Neuropsychiatric disorders occur in more than half of children with Noonan syndrome. Children with Noonan syndrome demonstrate highly variable neurodevelopmental symptom profiles. Children with Noonan syndrome display variable impairments in attention, hyperactivity, and inhibition. Specific social concerns include behavioral rigidity, transitions, and difficulties maintaining social relationships. Children with Noonan syndrome display variably elevated levels of aggression and emotional dysregulation.

摘要

目的

我们调查了努南综合征患儿的神经精神结局,并通过关注青春期前儿童、与正常发育儿童进行比较、进行全面的神经精神评估以及控制整体认知能力等方式,解决了先前研究的局限性。

方法

对 45 名努南综合征患儿(平均年龄 8 岁 6 个月,标准差 2 岁 2 个月;29 名女性)和 40 名正常发育儿童(平均年龄 8 岁 9 个月,标准差 2 岁;22 名女性)进行了客观、家长报告和精神科访谈评估。

结果

与正常发育儿童相比,努南综合征患儿在注意缺陷多动障碍(ADHD)(注意力、多动和抑制)、自闭症谱系障碍(ASD)(维持社交关系、行为僵化和感觉敏感)和对立违抗性障碍(ODD)(攻击性)症状群中表现出更高的症状(均 p < 0.05)。
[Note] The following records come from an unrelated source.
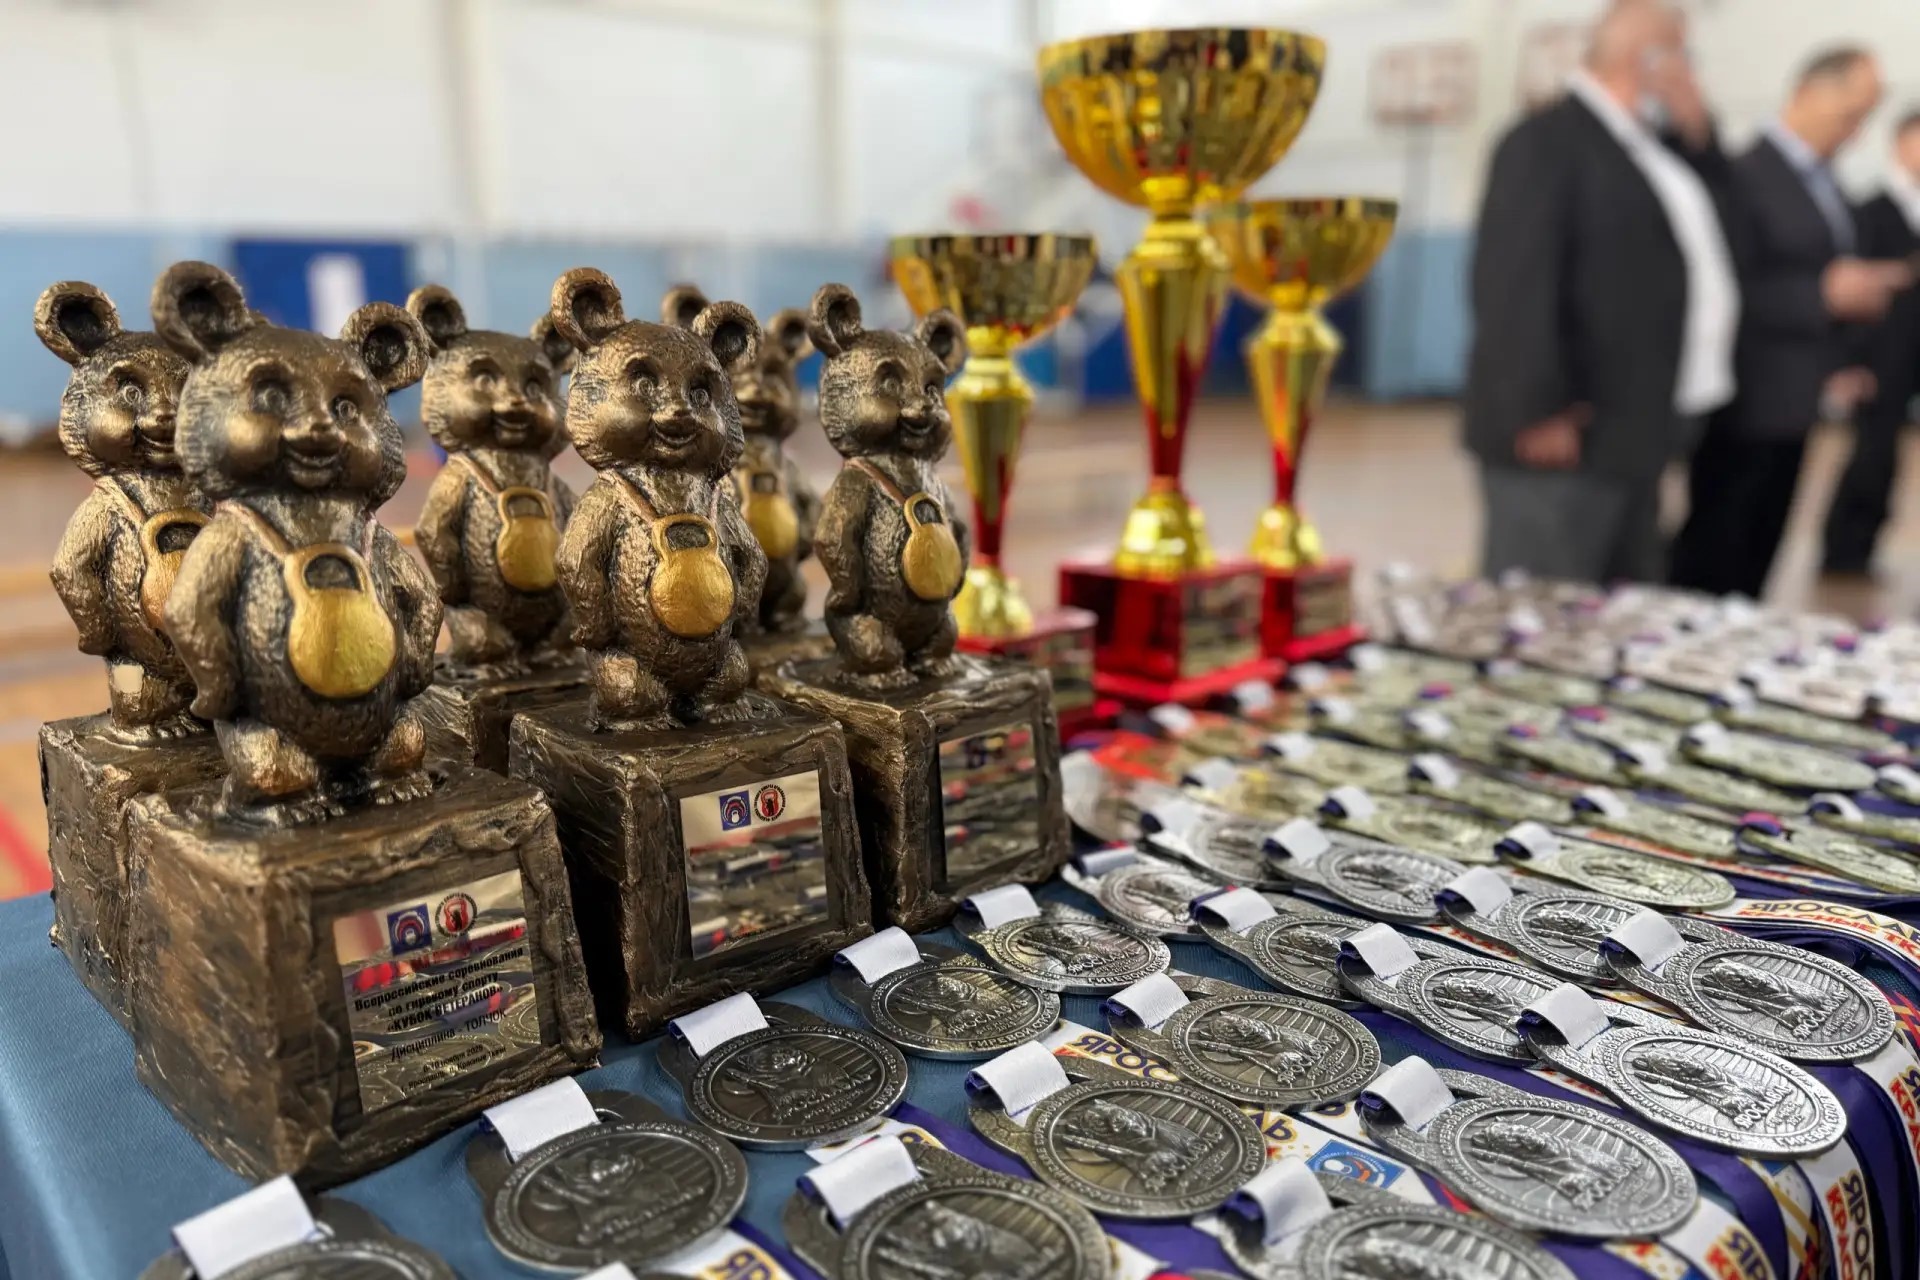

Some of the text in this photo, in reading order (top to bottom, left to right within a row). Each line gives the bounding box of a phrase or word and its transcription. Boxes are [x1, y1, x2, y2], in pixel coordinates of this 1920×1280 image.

[355, 948, 523, 1011] Всероссийские соревнования
[388, 1004, 403, 1017] по
[462, 973, 498, 993] спорту
[391, 1028, 456, 1060] Дисциплина
[465, 1008, 506, 1032] ТОЛЧОК
[968, 1027, 1038, 1048] ГИРЕВОЙ
[1824, 1026, 1886, 1052] ГИРЕВОЙ
[1768, 1121, 1839, 1146] ГИРЕВОЙ
在考虑到智力功能变化后,几乎所有的家长报告测量都显示出两组之间的差异具有统计学意义,这表明增加的神经发育症状不仅仅是由整体智力决定的。42 名努南综合征患儿中有 20 名符合 ADHD 标准,42 名中有 8 名符合 ODD 标准,43 名中有 11 名表现出与 ASD 患儿相似的临床显著症状。

解释

努南综合征患儿发生一系列 ADHD、ASD 和 ODD 相关症状的风险增加。采用多维方法揭示了努南综合征中存在显著的 ASD 症状,而使用当前公认的分类诊断方法则不会出现这些症状。

本研究新增内容

神经精神障碍发生在一半以上的努南综合征患儿中。努南综合征患儿表现出高度可变的神经发育症状谱。努南综合征患儿在注意力、多动和抑制方面表现出不同程度的损伤。具体的社交问题包括行为僵化、过渡和维持社交关系的困难。努南综合征患儿表现出不同程度的攻击性和情绪失调升高。